Instructions to follow. With images excluded, write out each entry below exactly as given.

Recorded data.
*** Block opens ***
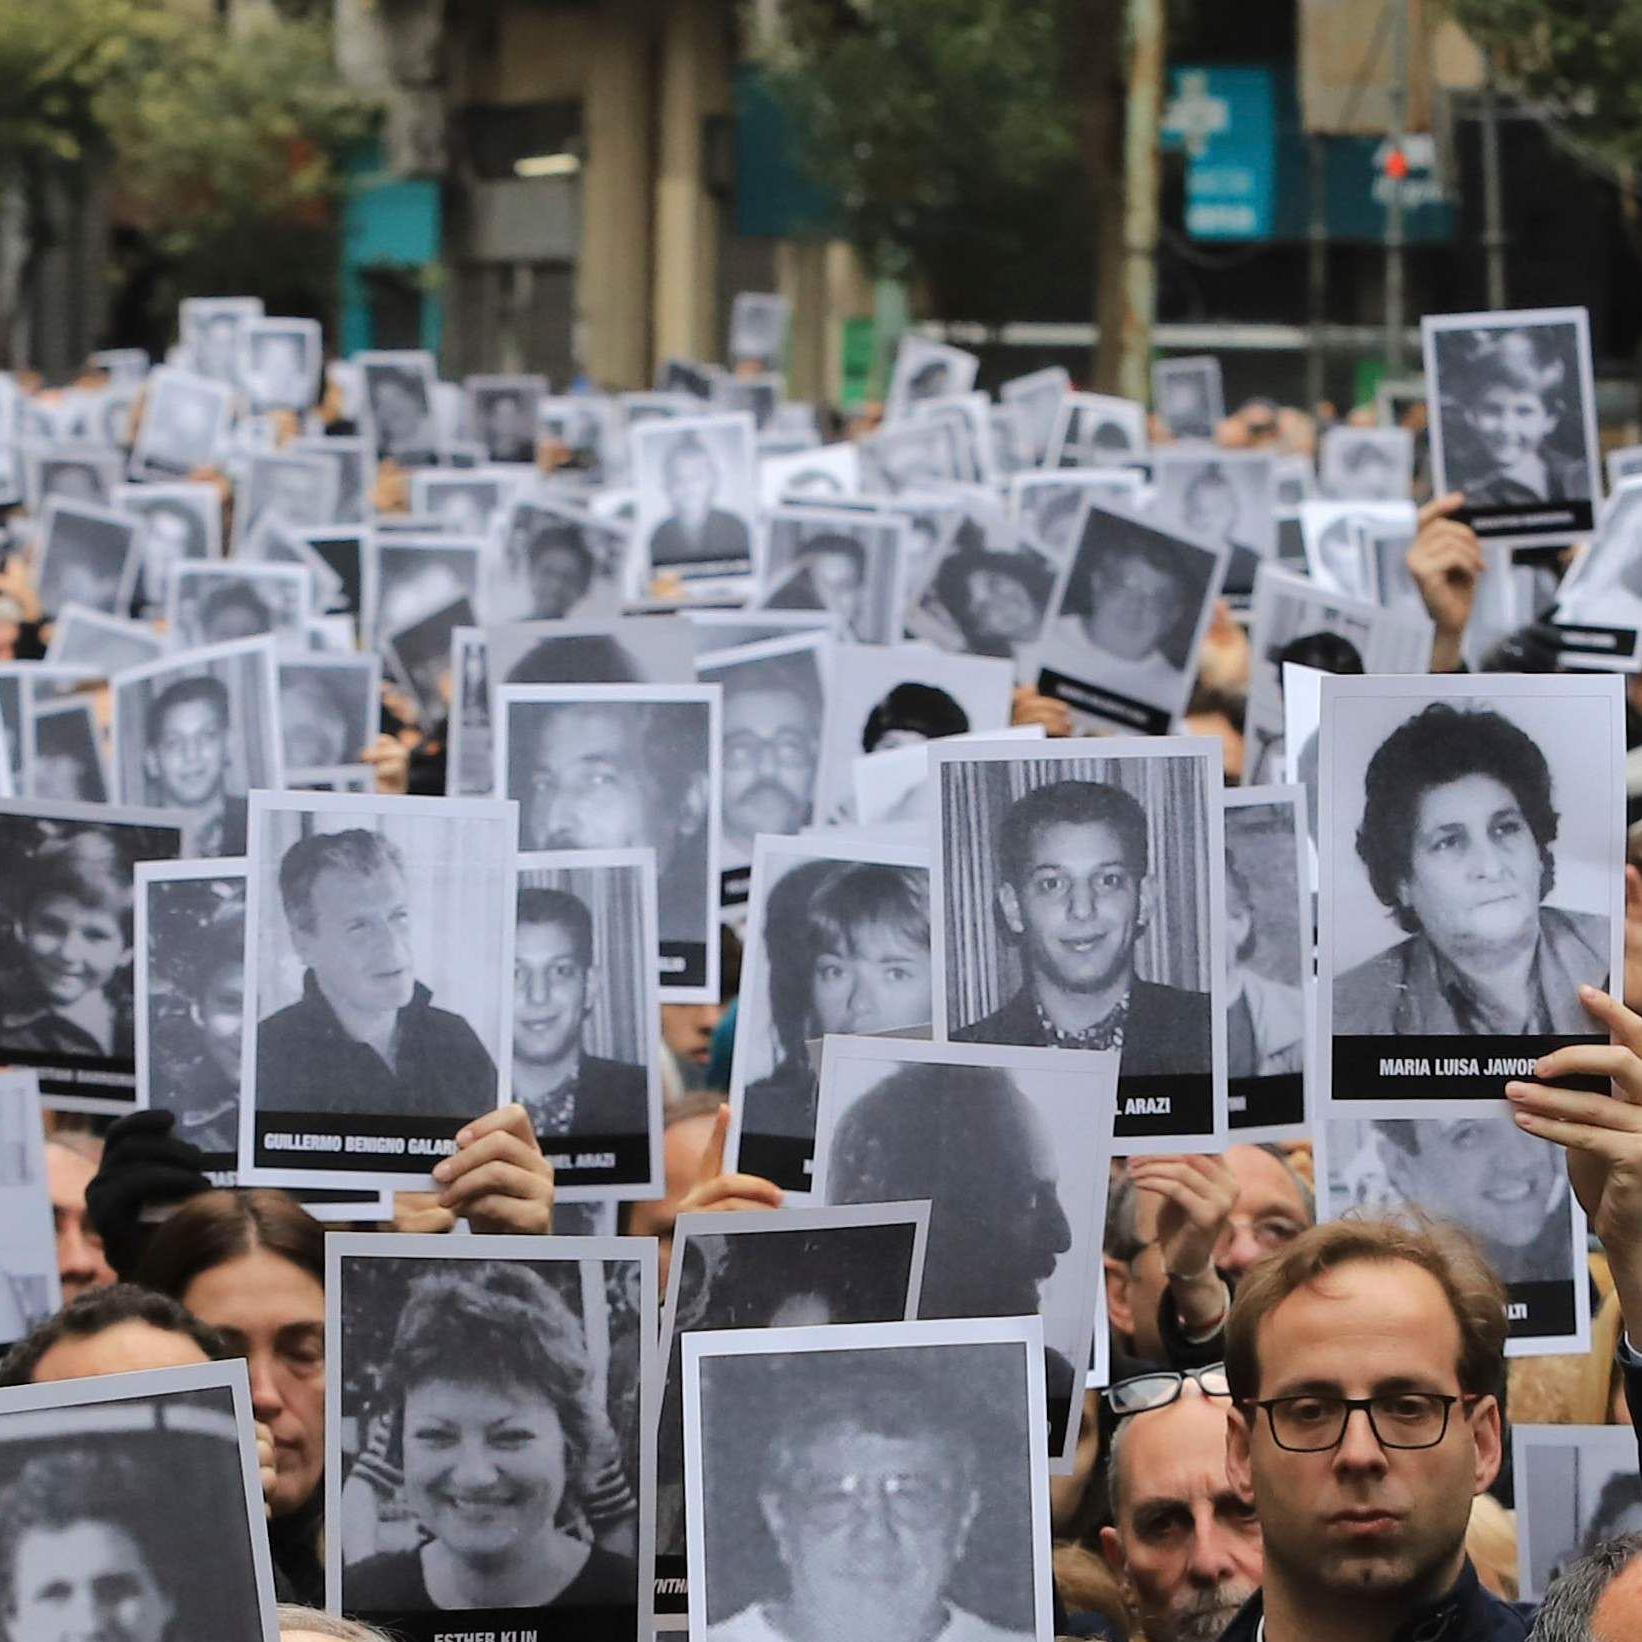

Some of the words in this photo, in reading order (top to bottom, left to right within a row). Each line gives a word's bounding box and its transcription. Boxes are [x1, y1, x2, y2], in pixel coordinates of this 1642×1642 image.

[1379, 1058, 1431, 1076] MARIA
[1435, 1058, 1480, 1076] LUISA
[1124, 1097, 1171, 1115] ARAZI
[263, 1132, 342, 1152] GUILLERMO
[344, 1135, 405, 1154] BENIGNO
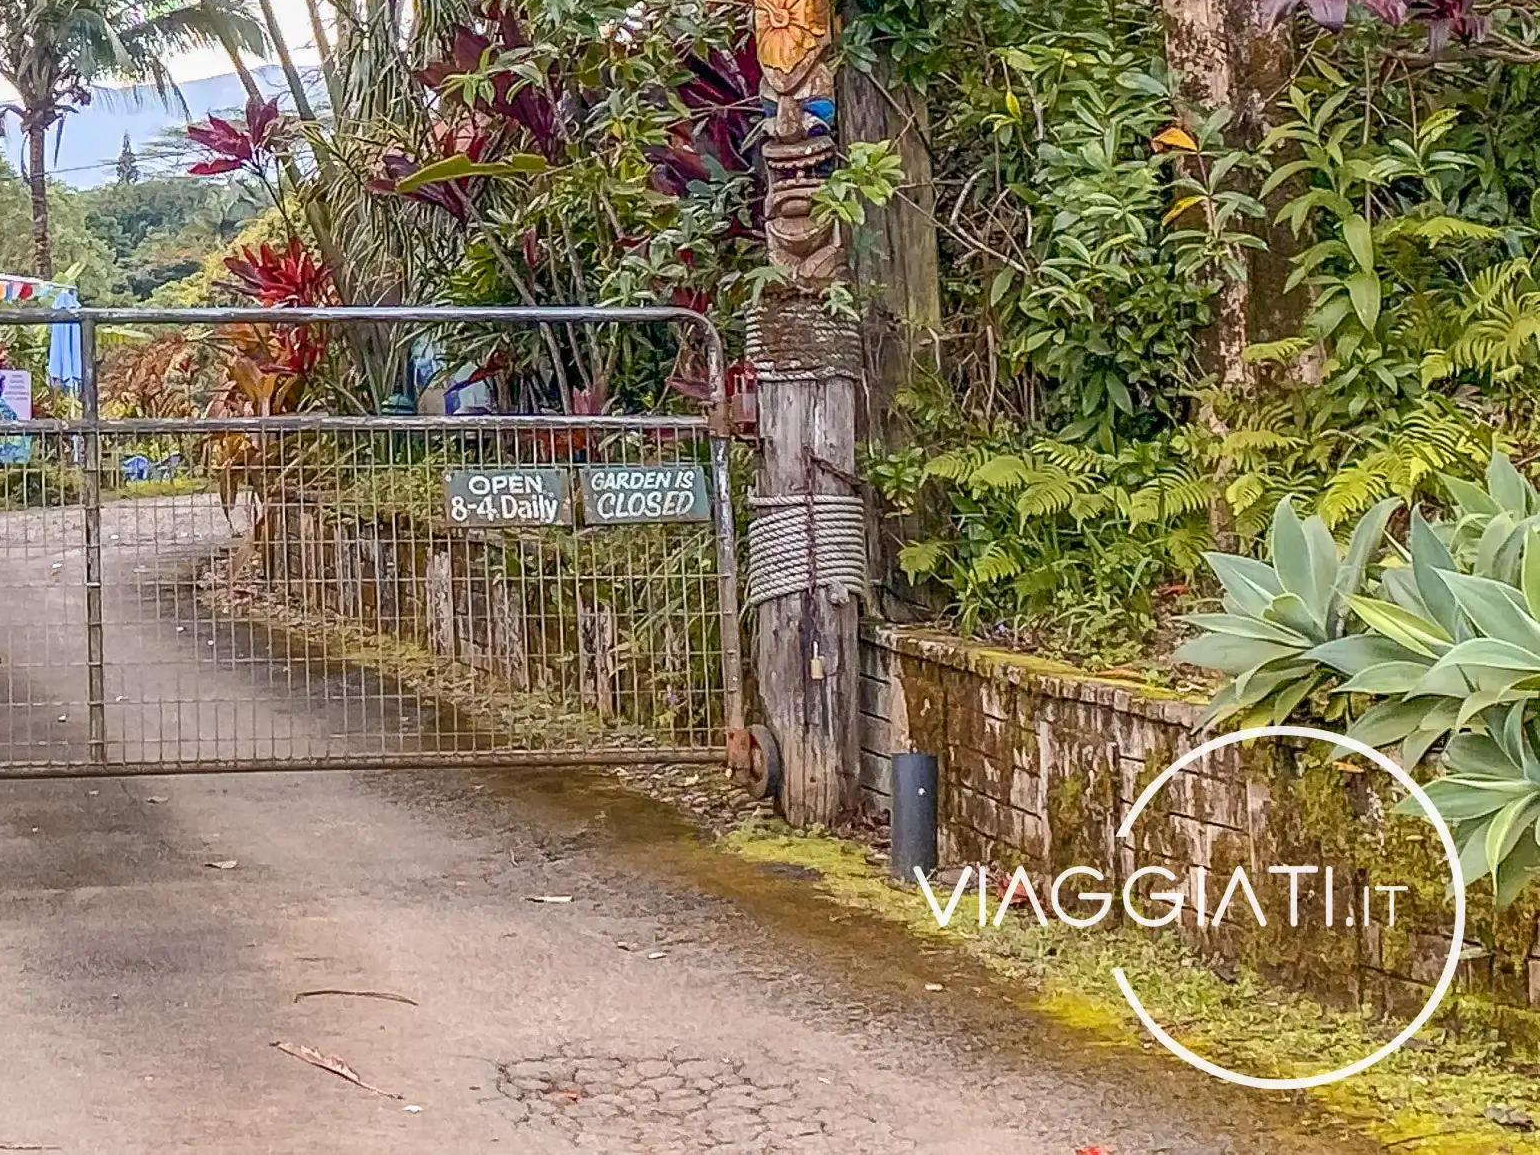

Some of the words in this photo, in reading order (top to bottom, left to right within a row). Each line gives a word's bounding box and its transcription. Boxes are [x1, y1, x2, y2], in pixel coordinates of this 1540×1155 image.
*** Block closes ***
Solution to the problem.
Some of the words in this photo, in reading order (top to bottom, left to right within a row). Each line gives a word's bounding box and its transcription. Boxes are [x1, y1, x2, y2], in pixel coordinates of this 1642×1642 image.

[1379, 1058, 1431, 1076] MARIA
[1435, 1058, 1480, 1076] LUISA
[1124, 1097, 1171, 1115] ARAZI
[263, 1132, 342, 1152] GUILLERMO
[344, 1135, 405, 1154] BENIGNO

Some of the words in this photo, in reading order (top to bottom, left to right within a row). Each line gives a word's bounding box and its transcription. Boxes are [x1, y1, x2, y2], in pixel coordinates of this 1540×1155 image.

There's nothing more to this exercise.